◆ Problem to work on
Please return each of the entries below exactly as they appear.

◆ Record excerpts
▬▬▬
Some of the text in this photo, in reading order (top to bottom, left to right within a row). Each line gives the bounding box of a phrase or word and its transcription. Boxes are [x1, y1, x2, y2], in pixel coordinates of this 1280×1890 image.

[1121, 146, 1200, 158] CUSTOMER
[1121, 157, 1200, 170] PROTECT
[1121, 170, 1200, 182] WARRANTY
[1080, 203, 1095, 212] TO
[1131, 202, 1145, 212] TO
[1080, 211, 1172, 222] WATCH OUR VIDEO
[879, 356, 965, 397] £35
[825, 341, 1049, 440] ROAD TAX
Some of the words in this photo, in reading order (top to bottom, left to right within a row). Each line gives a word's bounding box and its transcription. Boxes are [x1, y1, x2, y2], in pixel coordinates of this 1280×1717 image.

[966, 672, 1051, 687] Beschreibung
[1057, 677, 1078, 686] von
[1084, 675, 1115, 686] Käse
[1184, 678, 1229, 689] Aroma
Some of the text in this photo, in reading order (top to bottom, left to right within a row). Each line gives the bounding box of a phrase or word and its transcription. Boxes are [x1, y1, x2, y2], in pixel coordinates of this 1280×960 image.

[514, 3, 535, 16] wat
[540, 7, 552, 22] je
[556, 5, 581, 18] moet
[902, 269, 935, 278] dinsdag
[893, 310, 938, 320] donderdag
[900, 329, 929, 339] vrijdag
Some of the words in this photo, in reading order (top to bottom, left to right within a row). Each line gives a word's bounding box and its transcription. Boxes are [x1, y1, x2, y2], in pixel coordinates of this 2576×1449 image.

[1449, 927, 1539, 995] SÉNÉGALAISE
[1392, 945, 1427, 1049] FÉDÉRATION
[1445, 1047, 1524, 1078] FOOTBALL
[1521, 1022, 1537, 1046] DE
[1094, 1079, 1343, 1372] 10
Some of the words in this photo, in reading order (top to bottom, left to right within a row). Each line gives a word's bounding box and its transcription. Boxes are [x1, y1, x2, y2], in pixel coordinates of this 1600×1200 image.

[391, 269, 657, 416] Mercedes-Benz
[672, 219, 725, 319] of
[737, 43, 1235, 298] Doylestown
▬▬▬
◆ Exercise answer
Some of the text in this photo, in reading order (top to bottom, left to right within a row). Each line gives the bounding box of a phrase or word and its transcription. Boxes are [x1, y1, x2, y2], in pixel coordinates of this 1280×1890 image.

[1121, 146, 1200, 158] CUSTOMER
[1121, 157, 1200, 170] PROTECT
[1121, 170, 1200, 182] WARRANTY
[1080, 203, 1095, 212] TO
[1131, 202, 1145, 212] TO
[1080, 211, 1172, 222] WATCH OUR VIDEO
[879, 356, 965, 397] £35
[825, 341, 1049, 440] ROAD TAX
Some of the words in this photo, in reading order (top to bottom, left to right within a row). Each line gives a word's bounding box and its transcription. Boxes are [x1, y1, x2, y2], in pixel coordinates of this 1280×1717 image.

[966, 672, 1051, 687] Beschreibung
[1057, 677, 1078, 686] von
[1084, 675, 1115, 686] Käse
[1184, 678, 1229, 689] Aroma
Some of the text in this photo, in reading order (top to bottom, left to right within a row). Each line gives the bounding box of a phrase or word and its transcription. Boxes are [x1, y1, x2, y2], in pixel coordinates of this 1280×960 image.

[514, 3, 535, 16] wat
[540, 7, 552, 22] je
[556, 5, 581, 18] moet
[902, 269, 935, 278] dinsdag
[893, 310, 938, 320] donderdag
[900, 329, 929, 339] vrijdag
Some of the words in this photo, in reading order (top to bottom, left to right within a row). Each line gives a word's bounding box and its transcription. Boxes are [x1, y1, x2, y2], in pixel coordinates of this 2576×1449 image.

[1449, 927, 1539, 995] SÉNÉGALAISE
[1392, 945, 1427, 1049] FÉDÉRATION
[1445, 1047, 1524, 1078] FOOTBALL
[1521, 1022, 1537, 1046] DE
[1094, 1079, 1343, 1372] 10
Some of the words in this photo, in reading order (top to bottom, left to right within a row). Each line gives a word's bounding box and its transcription. Boxes are [x1, y1, x2, y2], in pixel coordinates of this 1600×1200 image.

[391, 269, 657, 416] Mercedes-Benz
[672, 219, 725, 319] of
[737, 43, 1235, 298] Doylestown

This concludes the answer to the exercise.